Elizabeth Hartney, PhD

Dr. Elizabeth Hartney


  • Psychologist with extensive experience in research, practice and teaching in the field of addictions and concurrent disorders
  • Registered Psychologist, Professor, and Director of the Centre for Health Leadership and Research at Royal Roads University, Canada
  • Board-certified in biofeedback and neurofeedback


Elizabeth Hartney, PhD, is a former writer for Verywell Mind covering addictions. Prior to her role at Royal Roads University, Dr. Hartney was the resident psychologist for a Government Mental Health and Substance Use Branch, and she was project manager for the Birmingham Untreated Heavy Drinkers project, a longitudinal study of 500 untreated heavy drinkers and their relatives at the University of Birmingham in the UK. She has provided treatment to people with concurrent addictions and mental health problems at the Foothills Medical Centre in Alberta, Canada.
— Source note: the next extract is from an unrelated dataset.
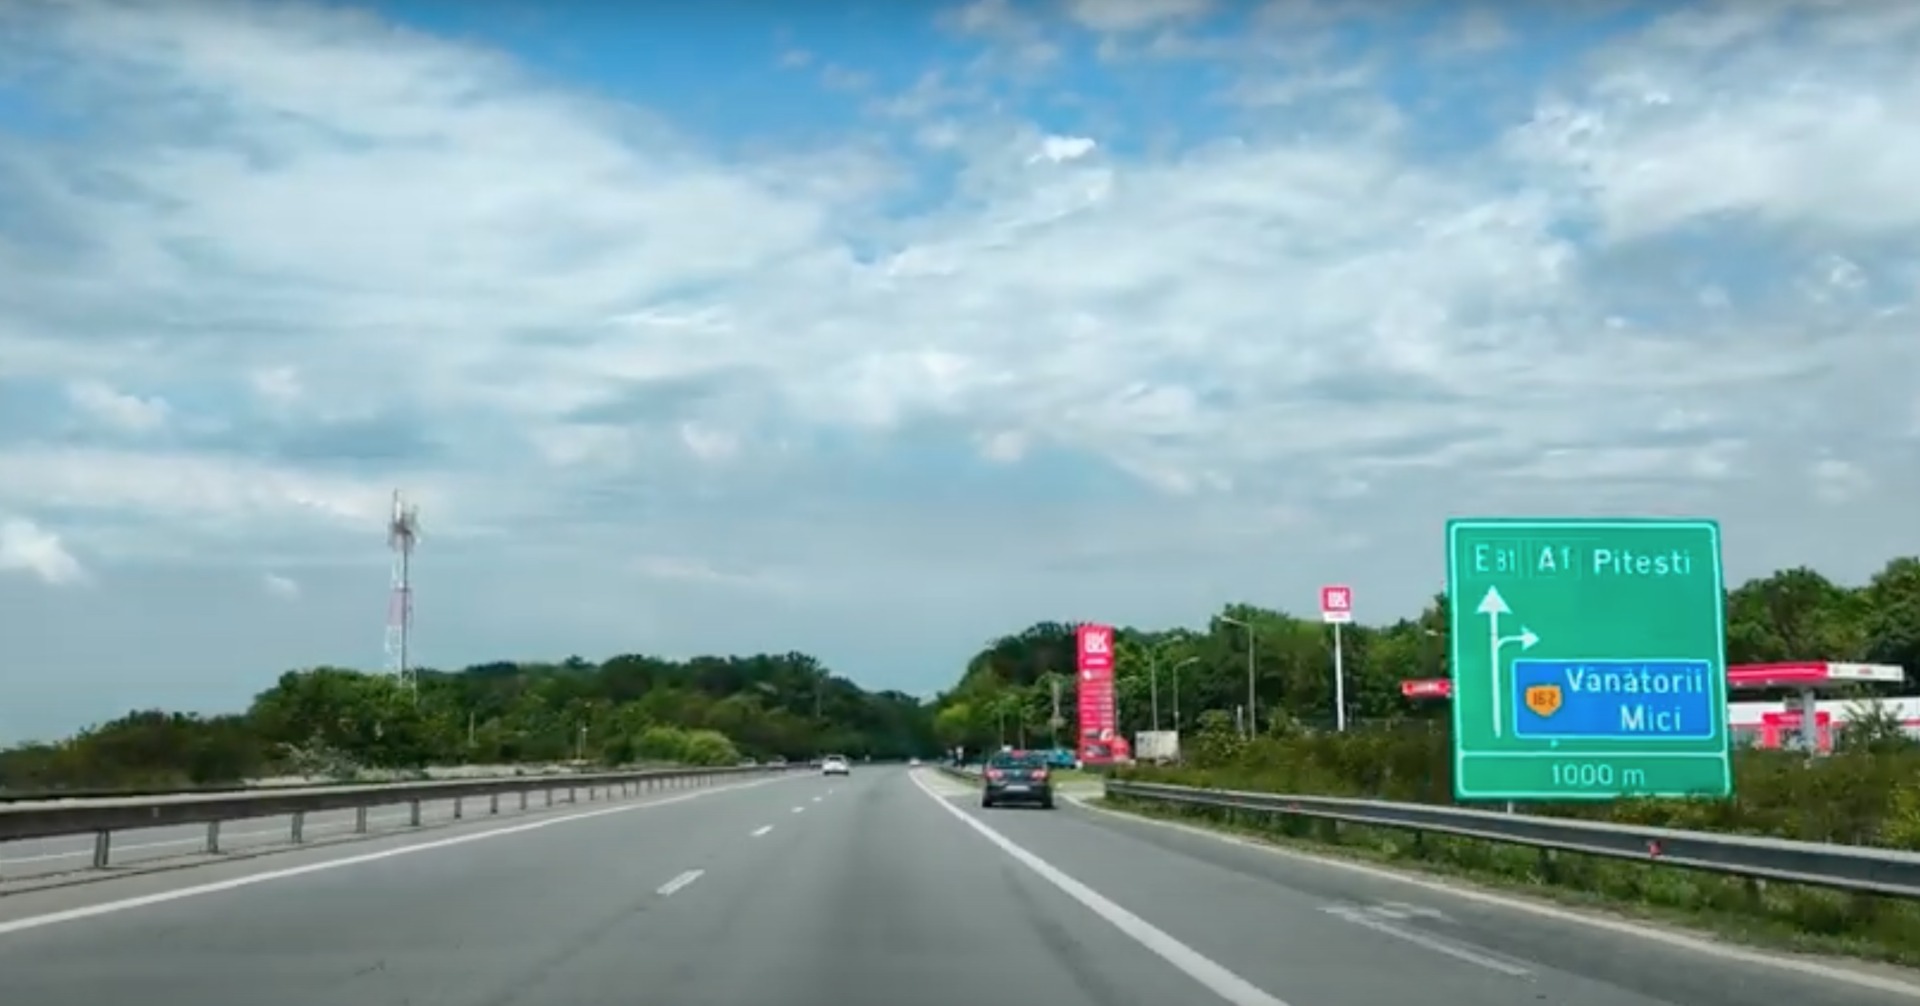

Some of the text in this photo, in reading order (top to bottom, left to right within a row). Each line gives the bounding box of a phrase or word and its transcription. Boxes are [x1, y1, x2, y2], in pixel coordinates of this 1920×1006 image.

[1620, 704, 1682, 732] Mici
[1552, 763, 1646, 787] 1000 m
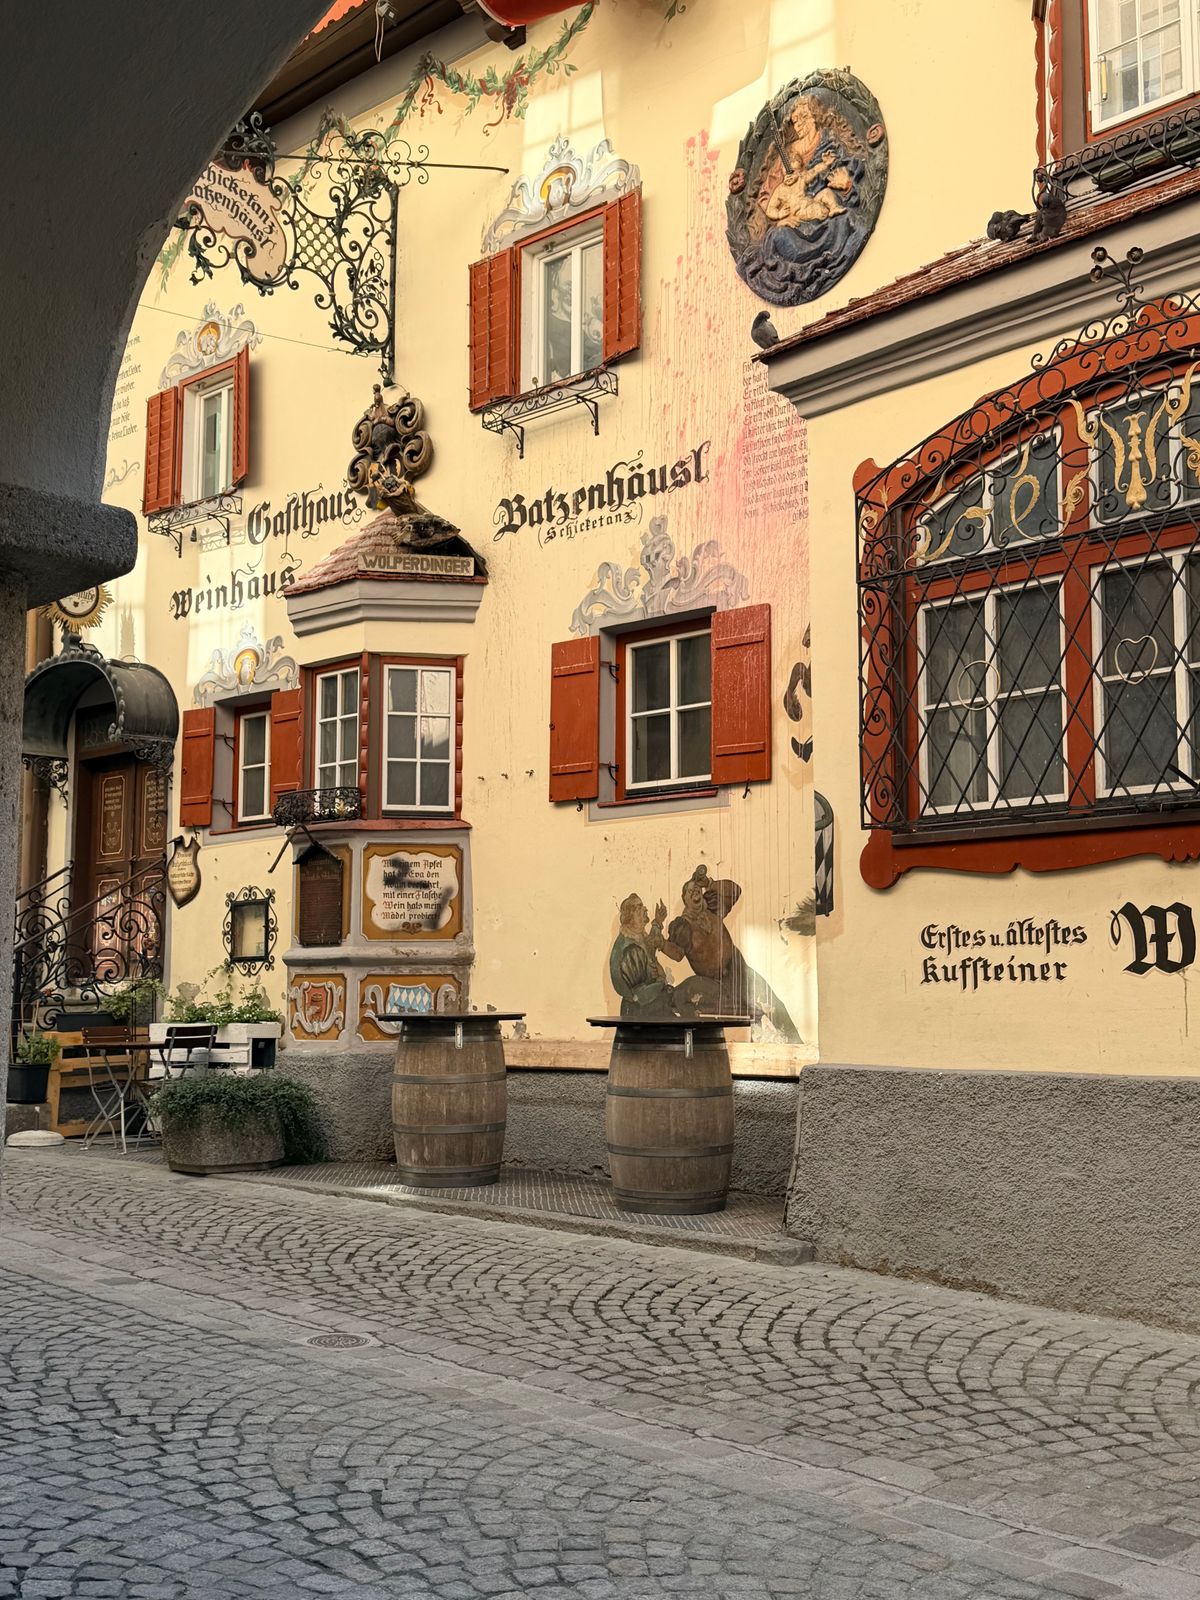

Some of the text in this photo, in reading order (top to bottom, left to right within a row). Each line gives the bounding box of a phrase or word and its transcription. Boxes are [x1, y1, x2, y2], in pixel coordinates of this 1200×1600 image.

She has also held roles in alcohol, drug and problem gambling prevention, and community-based dual diagnosis support services, and was a Senior Lecturer in Psychology ad Counseling at the University of Greenwich, UK. She has authored two books, contributed to numerous government documents, and her work has been published in peer-reviewed scientific journals and presented at international conferences.


  • Middlesex University, UK, BSc in Psychology an MSc in Cognitive Science and a PhD in Psychology
  • University of Birmingham, UK, MSc in Cognitive Science and a PhD in Psychology
  • University of Greenwich, UK, MA in Higher Education
  • Registered psychologist with the College of Psychologists of British Columbia, and a retired registered psychologist with the College of Alberta Psychologists
  • Chartered psychologist with the British Psychological Society
  • Listed on the Canadian Register of Health Service Providers in Psychology.
  • Board Certified in Biofeedback and Neurofeedback with the Biofeedback Certification International Alliance (BCIA)

A Word From Elizabeth Hartney, PhD

People with addictions struggle not only with uncomfortable symptoms and complex lifestyle issues, but also with the stigma which causes so many to live in secrecy, rarely if ever revealing the true nature of their addictive behavior. With a better understanding of addictions, those involved in addictive behaviors, as well as their families and loved ones can gain new hope, and begin to take control of their own lives.